Herbert Hawkins, he who cheered up the life of a dying old woman, he who makes neighbors and friends laugh, on the train and at church, is unable to accept life at all. When it comes up and smacks him, as it does when he receives the inheritance, he is troubled, feeling that this is not his life but a life “looked at through glass.” His benefactor has challenged him to participate fully in life, to put her money where his mouth is. And he cannot. So it is not simply Mrs. Hawkins and Minnie and their neighbor Forbes who are stuck in lives of slothful repetition. It is Herbert himself; it is Herbert who is unwilling to receive life’s fortune and bounty, who looks at his family without knowledge and recognition. He jokes but can not participate. He can cheer but is himself cheerless. He can talk but not act. He is the wreck on the 5:25.
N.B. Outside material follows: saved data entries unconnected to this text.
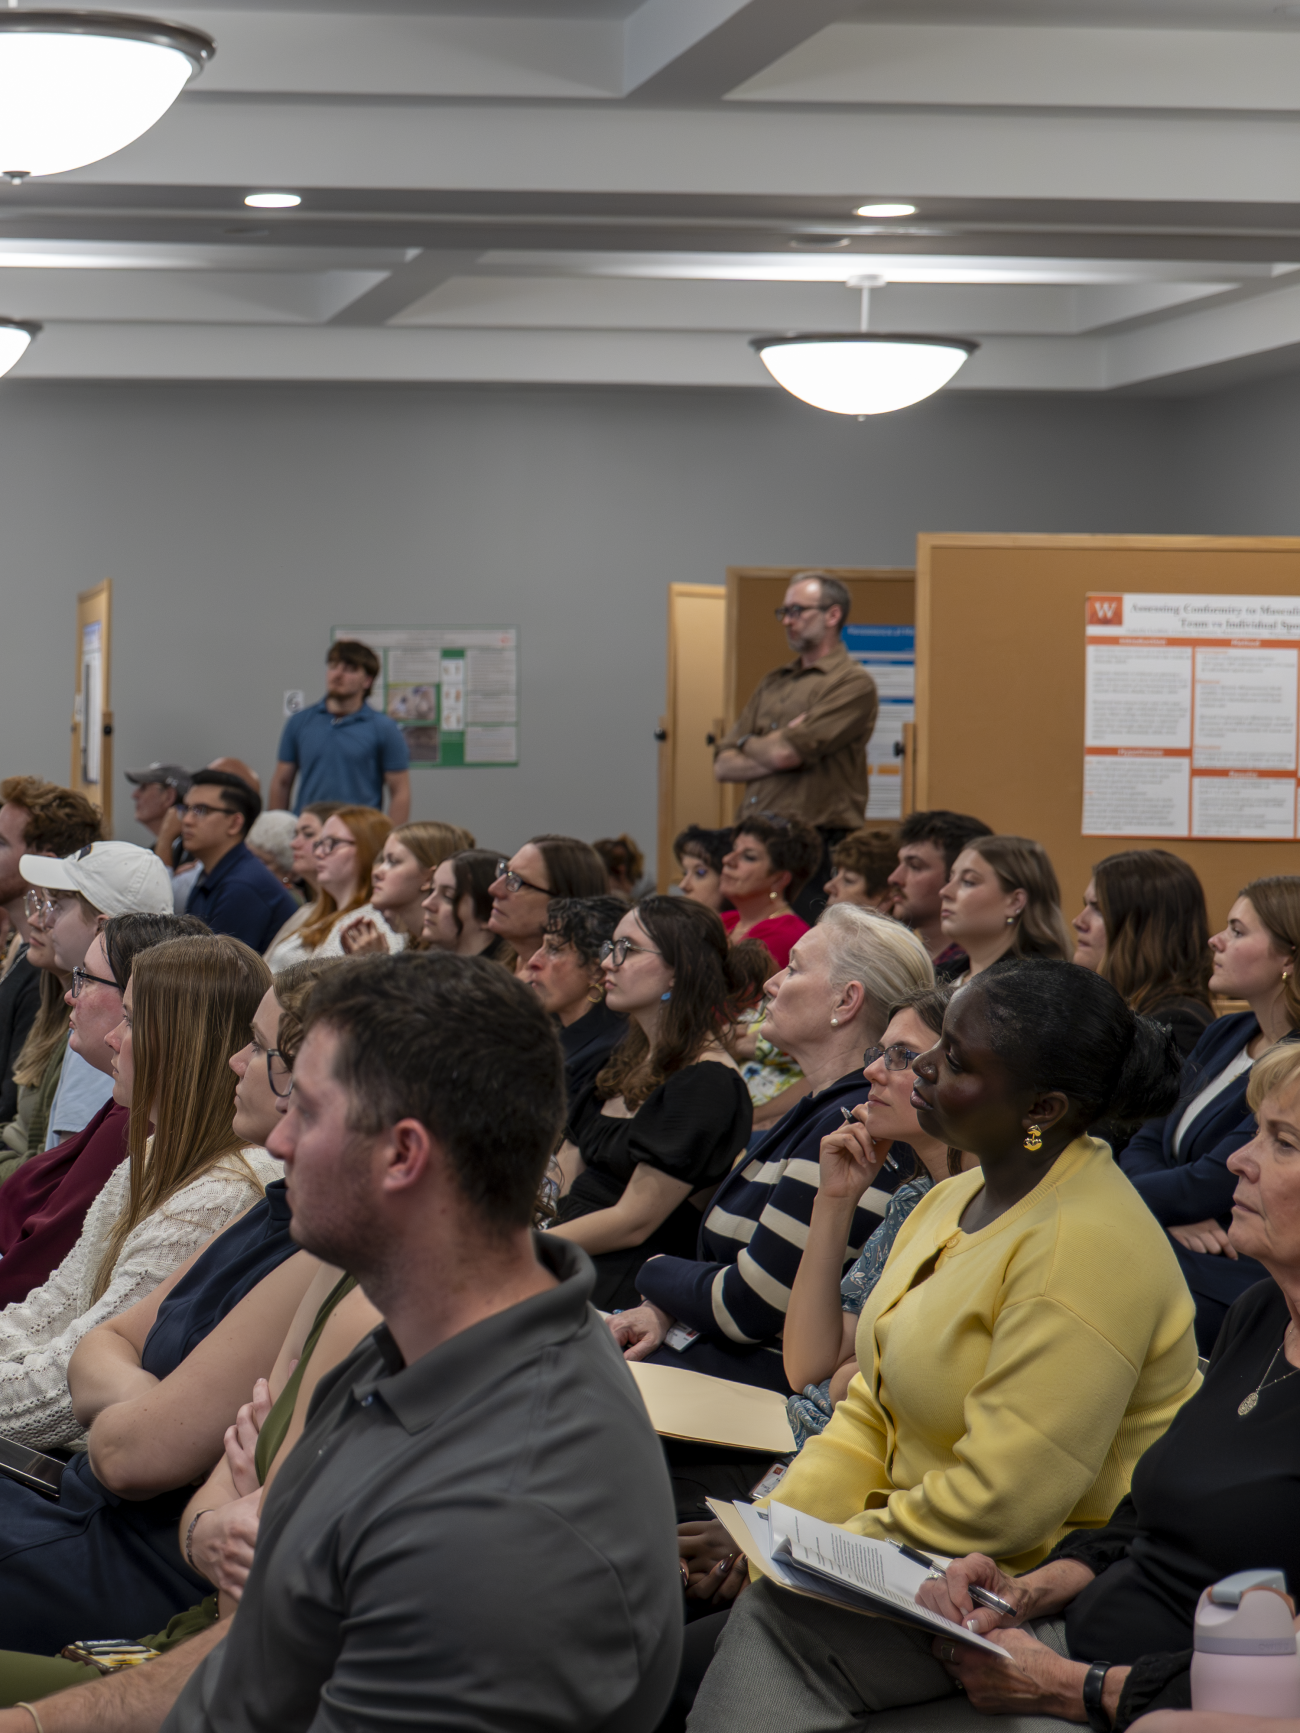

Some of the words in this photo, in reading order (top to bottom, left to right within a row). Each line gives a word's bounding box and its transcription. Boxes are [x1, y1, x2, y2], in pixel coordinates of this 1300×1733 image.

[1094, 601, 1117, 619] W
[1131, 603, 1181, 617] Assessing
[1182, 603, 1242, 618] Conformity
[1245, 605, 1256, 614] to
[1179, 617, 1208, 629] Team
[1225, 618, 1278, 630] Individual
The Wreck on the 5:25 is, like most of Wilder’s plays, deeply meditative, a consideration of issues more commonly found in essays and short stories. What is remarkable is that Wilder, here and in his better know works Our Town and The Skin of Our Teeth, makes philosophical issues dramatic, demonstrating how daily events wrestle with the large issues of life and, in fact, are themselves the large issues of life. And not always in big and momentous ways as Pullman Car Hiawatha and The Skin of Our Teeth suggest. These plays tease us to consider each moment, a train ride, for example, or a holiday meal, in universal terms, as if our actions take place in large patterns of repeated events and behavior, all of which dwindle beneath the even larger events of the universe. In The Seven Deadly Sins plays, as in Our Town, it is the small events which capture our attention. The dailiness of our lives become the stuff of the moral and philosophical problems with which theologians and philosophers wrestle: catching the train, selecting food for dinner, reaching out to our families for love and support, giving, or trying to give, that love and support in return, even accepting and giving presents. All these repeated events define us, make us what we are, and, as Wilder shows us over and over again, are themselves dramatic. The perception that what is familiar is what is important is key to Wilder’s brilliance and to the comfort his works provide. It is what makes us love him and find solace in his works. It is what gets us back to the theater each and every time they are performed.